Please transcribe every entry below exactly, without including the pictures.

Records shown Block Start

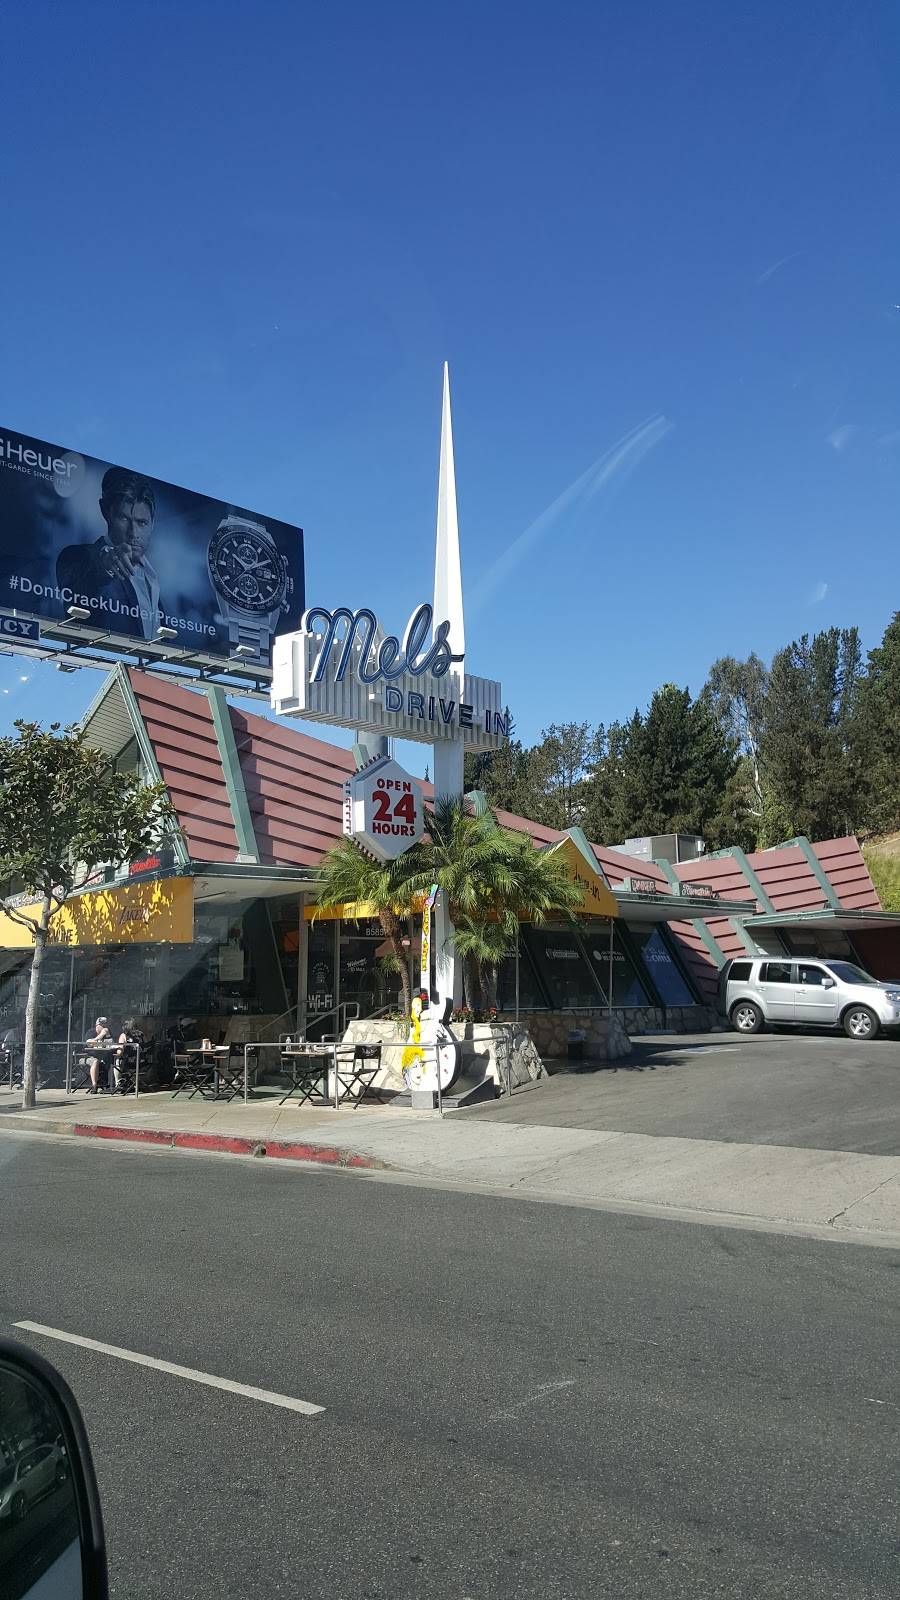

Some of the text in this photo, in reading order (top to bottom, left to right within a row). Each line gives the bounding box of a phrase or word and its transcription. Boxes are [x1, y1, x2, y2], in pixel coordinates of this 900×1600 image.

[0, 460, 55, 482] T-GARDE SINCE
[8, 574, 217, 637] #DontCrackUnderPressure
[0, 617, 33, 637] CY
[302, 603, 465, 684] Mels
[385, 685, 510, 738] DRIVE IN
[375, 777, 412, 793] OPEN
[371, 790, 417, 825] 24
[371, 822, 416, 838] HOURS
[308, 994, 333, 1009] Wi-Fi

Records shown Block End

* Exercise solution:
Some of the text in this photo, in reading order (top to bottom, left to right within a row). Each line gives the bounding box of a phrase or word and its transcription. Boxes are [x1, y1, x2, y2], in pixel coordinates of this 900×1600 image.

[0, 460, 55, 482] T-GARDE SINCE
[8, 574, 217, 637] #DontCrackUnderPressure
[0, 617, 33, 637] CY
[302, 603, 465, 684] Mels
[385, 685, 510, 738] DRIVE IN
[375, 777, 412, 793] OPEN
[371, 790, 417, 825] 24
[371, 822, 416, 838] HOURS
[308, 994, 333, 1009] Wi-Fi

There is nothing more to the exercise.